Land use critical to tackling climate change: region
Planners release paper outlining transformative change for how communities, businesses designed
WATERLOO REGION — The Region of Waterloo will have to undergo “transformative change” in the way homes and businesses are built, subdivisions are designed and communities are planned, and how people get around, under new policy proposals.
Regional planners have released a policy direction paper on climate change as part of an update to the Official Plan, the document that directs land-use planning in the region for the next 30 years.
The policy paper makes it clear climate change will be at the centre of all land-use policies.
“It is a fundamental shift,” said Brenna MacKinnon, a manager of community planning at the Region of Waterloo. “It’s a recognition that more needs to be done.”
The region is expected to grow by 325,000 people and 175,000 jobs between now and 2051 — a 50 per cent jump in population — and that growth needs to happen sustainably, MacKinnon said.
Land-use planning is critical to tackling climate change: decisions about infrastructure and land uses can have implications for centuries. The clearest example of that is the shift that began 60 years ago to separate homes from services, shops and workplaces by building sprawling suburbs that eat up land and make it hard to get anywhere other than by car, the document says.
Some of the ideas in the document are already a key focus in land-use planning: denser, transit-oriented development, and “walkable communities,” where goods, services and workplaces are a 15-minute walk away.
But the paper goes much further, arguing that minor changes won’t be enough to stop the worst impacts of a changing climate.
“The same practices that created the climate emergency — such as personal automobiles powered by fossil fuels, inefficient buildings that require high energy usage to heat and cool, low-density communities that are designed to use personal automobiles to complete daily activities, and the consumption of agricultural land for urban uses — cannot be relied on to get us out of it,” the document says.
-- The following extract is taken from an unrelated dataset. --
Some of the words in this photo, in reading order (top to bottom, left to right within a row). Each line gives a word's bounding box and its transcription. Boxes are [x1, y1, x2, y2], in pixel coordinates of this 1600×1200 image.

It calls for a shift away from a prime focus on cars, by reducing parking or making it more costly; encouraging energy-efficient buildings; having plans of subdivision orient buildings to maximize passive and rooftop solar energy; having secure bike storage at all homes and businesses.
Denser development doesn’t necessarily mean a forest of highrises, MacKinnon stresses. Newer subdivisions such as Williamsburg in Kitchener are already denser, with smaller single detached homes, stacked townhouses and walk-ups, plazas and schools that are nearby and connected with a network of trails.
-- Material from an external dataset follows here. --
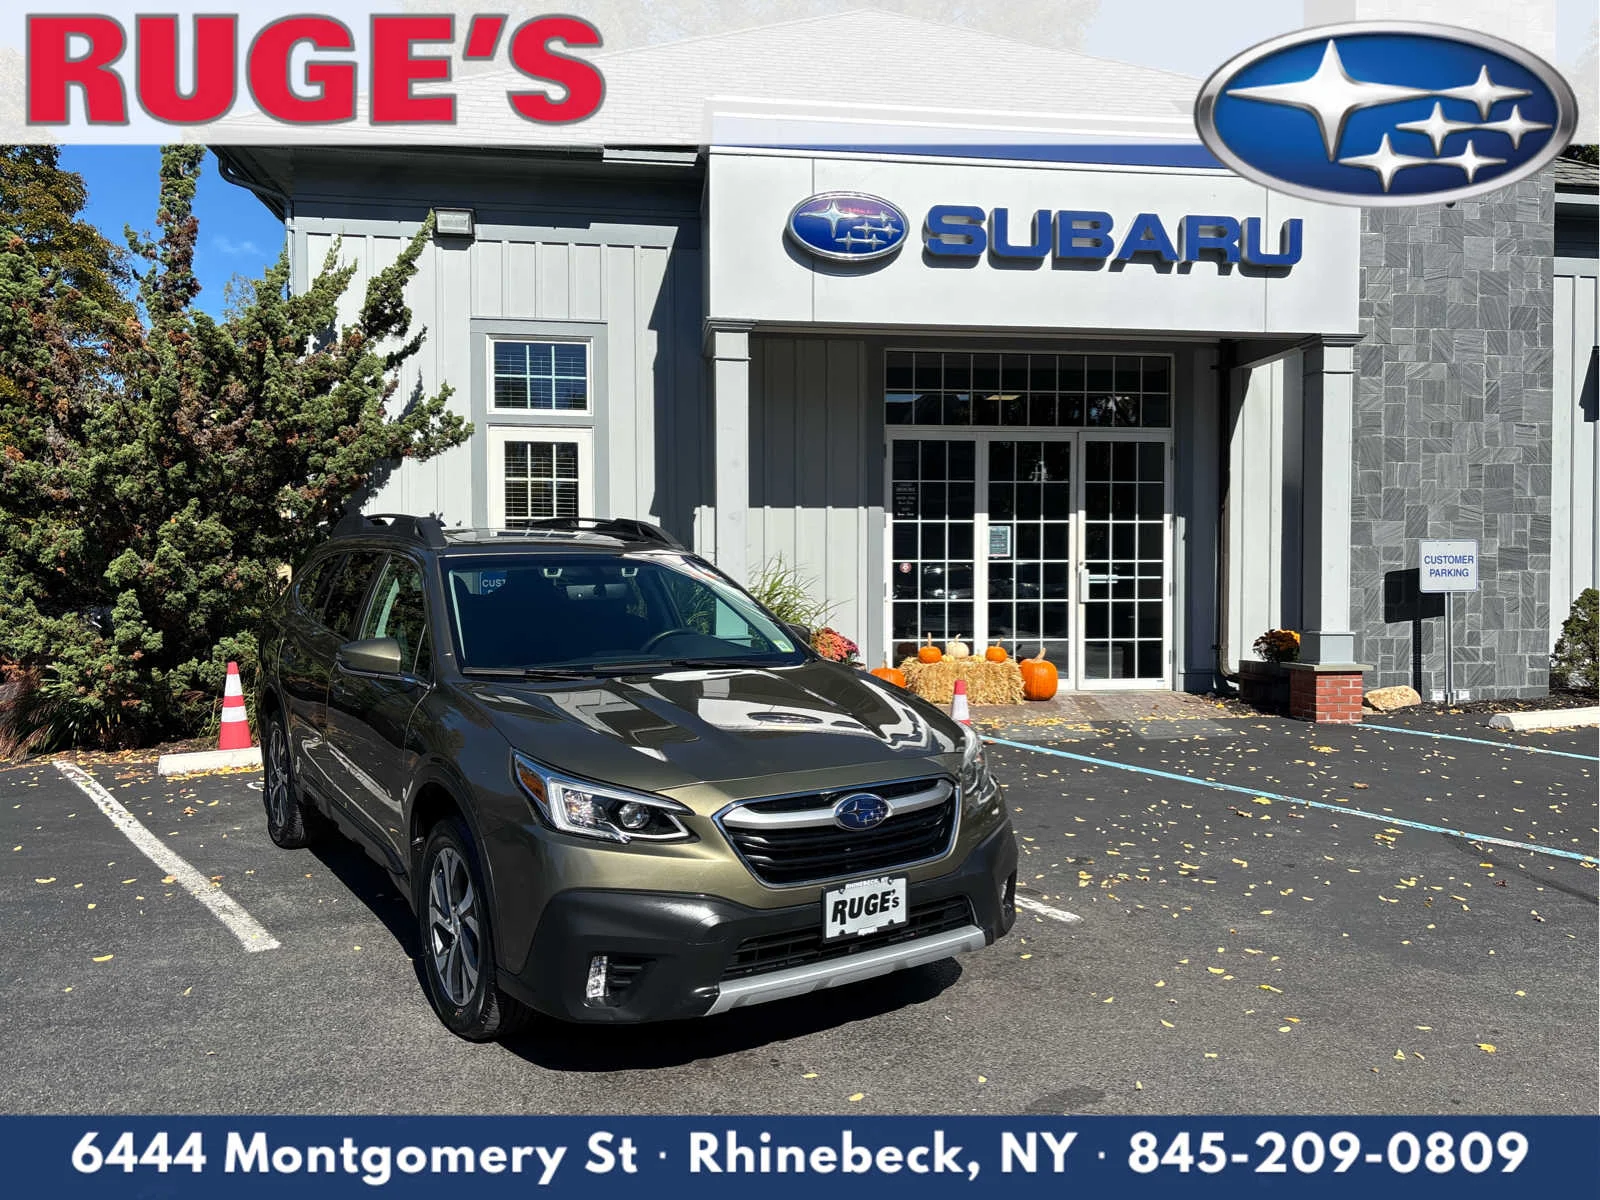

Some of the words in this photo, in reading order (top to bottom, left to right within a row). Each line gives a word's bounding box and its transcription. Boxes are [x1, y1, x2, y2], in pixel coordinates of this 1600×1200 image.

[923, 205, 1304, 266] SUBARU
[1424, 555, 1475, 565] CUSTOMER
[1429, 568, 1470, 577] PARKING
Many of the directions in the Official Plan won’t be mandatory, MacKinnon said. “They’re aspirational. We have to find a way to implement them with the community on board.”
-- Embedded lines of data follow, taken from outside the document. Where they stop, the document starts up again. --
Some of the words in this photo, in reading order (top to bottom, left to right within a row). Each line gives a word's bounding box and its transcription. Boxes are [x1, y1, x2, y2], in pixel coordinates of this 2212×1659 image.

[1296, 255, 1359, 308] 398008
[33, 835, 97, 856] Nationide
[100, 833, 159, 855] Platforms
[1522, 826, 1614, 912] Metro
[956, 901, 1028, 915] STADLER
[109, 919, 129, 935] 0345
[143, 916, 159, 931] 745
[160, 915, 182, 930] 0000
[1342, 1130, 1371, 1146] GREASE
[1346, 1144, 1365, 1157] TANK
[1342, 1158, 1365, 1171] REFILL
The policies also aim to create a more resilient region to cope with extreme weather and avoid the power outages, water shortages and other crises that beset Texas after it was hit with winter storms this month. The “wild and wacky weather” that climate change brings — ice storms and flash floods, for example. “We’re seeing it in Waterloo Region now — it’s not in a far-off place somewhere,” MacKinnon said.
You can read the policy paper at engagewr.ca, and can offer comment in an online survey, which ends Sunday. There will be other opportunities for public comment when the proposals come to council for approval later this year.
Feedback on the proposals has been “overwhelmingly positive,” MacKinnon said.